Nel sul libro c’è una domanda ricorrente: “Il male del Comunismo, se male è, è stato il Comunismo in sé o la sua caduta?” Perché la pone?

«Nei miei primi viaggi, caduto da pochi anni il muro, mi scontravo con mentalità, abitudini, stili di vita ovviamente distanti anni luce dalla nostra ‘civiltà’, per modo di dire. Poi piano piano ho capito il gioco e ho tarato i comportamenti. Ma il nostro e il loro sono due mondi diversi, forse inconciliabili. Retaggio del comunismo, a mio avviso. Quindi il male è stato il comunismo che ha creato questa diversità: oppure il male è stata la caduta del comunismo che ha fatto emergere questa rottura degli equilibri ormai consolidati?»

De Giusti accanto al monumento di Ivo Andric a Sarajevo
De Giusti accanto al monumento di Ivo Andric a Sarajevo

Lei che risposta darebbe?

«Sono di parte: non mi piace il comunismo».

Lorenzo De Giusti sta già lavorando a nuovi libri?

«Chi ama scrivere come me ha nel computer e nei taccuini un fiume di parole e di pagine. Per scaramanzia non dico di più. Il libro è fatto per scriverlo, più che per leggerlo. Continuo finché il buon Dio mi dà forza e ispirazione a trarre piacere dalla scrittura».
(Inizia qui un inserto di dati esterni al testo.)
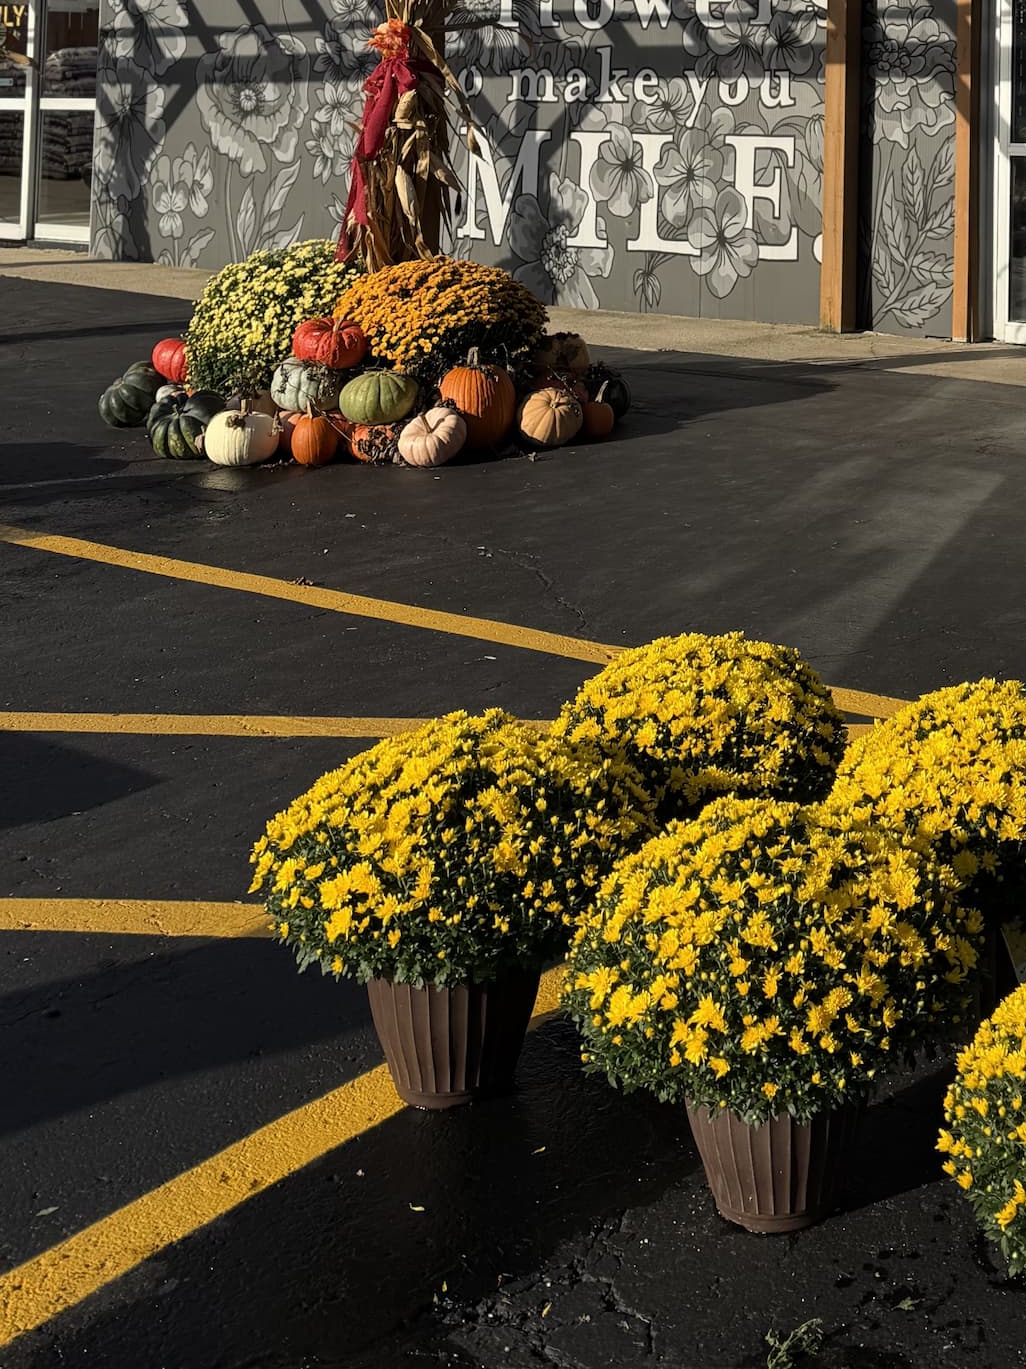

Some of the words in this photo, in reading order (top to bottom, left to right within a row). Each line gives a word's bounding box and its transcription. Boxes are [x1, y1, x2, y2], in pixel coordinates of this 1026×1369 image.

[507, 45, 661, 103] make
[682, 69, 797, 128] you
[457, 126, 823, 264] MILE
Nel 2025, anno di Gorizia Nova Gorica Capitale Europea della Cultura, ricorreranno i 30 anni degli Accordi di Dayton, che stabilirono la spartizione della Bosnia in due entità con l’istituzionalizzazione delle etnie. Una soluzione destinata a durare anche in futuro?

«Gli Accordi di Dayton sono serviti per porre fine alla guerra; difatti avevano una scadenza, ormai trascorsa da decenni. Il risultato è stata la costituzione di un mostro costituzionale: tre parlamenti, tre governi, due eserciti, due polizie, due sistemi giudiziari e amministrativi. La situazione attuale è che nessun attore internazionale ha voglia o interesse a metterci le mani in quella cosa lì, estremamente complicata. La Bosnia si barcamenerà cercando di sopravvivere: sarà la popolazione a trovare una soluzione. I miei amici bosniaci imprenditori mi dicono che per loro gli assetti di Dayton sono più che superati».